*** Opening DATA UNDER STUDY ***
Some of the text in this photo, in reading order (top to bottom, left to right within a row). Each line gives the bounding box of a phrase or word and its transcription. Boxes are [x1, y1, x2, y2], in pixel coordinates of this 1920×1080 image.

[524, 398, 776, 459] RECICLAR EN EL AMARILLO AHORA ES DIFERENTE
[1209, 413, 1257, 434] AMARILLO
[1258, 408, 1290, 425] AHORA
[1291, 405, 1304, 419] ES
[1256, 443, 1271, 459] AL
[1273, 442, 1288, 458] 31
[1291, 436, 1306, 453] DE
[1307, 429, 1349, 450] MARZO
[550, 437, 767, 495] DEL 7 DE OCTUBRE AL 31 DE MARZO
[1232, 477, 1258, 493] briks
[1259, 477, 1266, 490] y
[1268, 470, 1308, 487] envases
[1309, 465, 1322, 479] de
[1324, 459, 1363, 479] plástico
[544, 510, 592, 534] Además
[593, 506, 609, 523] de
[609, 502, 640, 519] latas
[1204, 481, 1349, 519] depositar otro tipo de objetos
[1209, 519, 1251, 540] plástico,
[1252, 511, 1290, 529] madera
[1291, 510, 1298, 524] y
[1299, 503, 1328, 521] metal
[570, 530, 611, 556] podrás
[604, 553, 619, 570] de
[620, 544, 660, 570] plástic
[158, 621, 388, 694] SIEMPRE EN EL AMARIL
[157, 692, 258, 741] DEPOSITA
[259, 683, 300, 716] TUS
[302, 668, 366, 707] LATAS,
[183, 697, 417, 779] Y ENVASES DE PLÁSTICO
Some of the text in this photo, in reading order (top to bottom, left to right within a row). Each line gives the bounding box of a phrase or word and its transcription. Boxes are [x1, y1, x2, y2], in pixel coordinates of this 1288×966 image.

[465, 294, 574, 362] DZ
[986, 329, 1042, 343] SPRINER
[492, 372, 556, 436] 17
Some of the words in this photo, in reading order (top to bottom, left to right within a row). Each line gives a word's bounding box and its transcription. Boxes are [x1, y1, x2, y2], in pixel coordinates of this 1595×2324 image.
*** Closing DATA UNDER STUDY ***
* [WHAT YOU WILL DO]: All of the data above should be duplicated exactly.

* [RESULT OF THE TASK]:
Some of the text in this photo, in reading order (top to bottom, left to right within a row). Each line gives the bounding box of a phrase or word and its transcription. Boxes are [x1, y1, x2, y2], in pixel coordinates of this 1920×1080 image.

[524, 398, 776, 459] RECICLAR EN EL AMARILLO AHORA ES DIFERENTE
[1209, 413, 1257, 434] AMARILLO
[1258, 408, 1290, 425] AHORA
[1291, 405, 1304, 419] ES
[1256, 443, 1271, 459] AL
[1273, 442, 1288, 458] 31
[1291, 436, 1306, 453] DE
[1307, 429, 1349, 450] MARZO
[550, 437, 767, 495] DEL 7 DE OCTUBRE AL 31 DE MARZO
[1232, 477, 1258, 493] briks
[1259, 477, 1266, 490] y
[1268, 470, 1308, 487] envases
[1309, 465, 1322, 479] de
[1324, 459, 1363, 479] plástico
[544, 510, 592, 534] Además
[593, 506, 609, 523] de
[609, 502, 640, 519] latas
[1204, 481, 1349, 519] depositar otro tipo de objetos
[1209, 519, 1251, 540] plástico,
[1252, 511, 1290, 529] madera
[1291, 510, 1298, 524] y
[1299, 503, 1328, 521] metal
[570, 530, 611, 556] podrás
[604, 553, 619, 570] de
[620, 544, 660, 570] plástic
[158, 621, 388, 694] SIEMPRE EN EL AMARIL
[157, 692, 258, 741] DEPOSITA
[259, 683, 300, 716] TUS
[302, 668, 366, 707] LATAS,
[183, 697, 417, 779] Y ENVASES DE PLÁSTICO
Some of the text in this photo, in reading order (top to bottom, left to right within a row). Each line gives the bounding box of a phrase or word and its transcription. Boxes are [x1, y1, x2, y2], in pixel coordinates of this 1288×966 image.

[465, 294, 574, 362] DZ
[986, 329, 1042, 343] SPRINER
[492, 372, 556, 436] 17
Some of the words in this photo, in reading order (top to bottom, left to right within a row). Each line gives a word's bounding box and its transcription. Boxes are [x1, y1, x2, y2], in pixel coordinates of this 1595×2324 image.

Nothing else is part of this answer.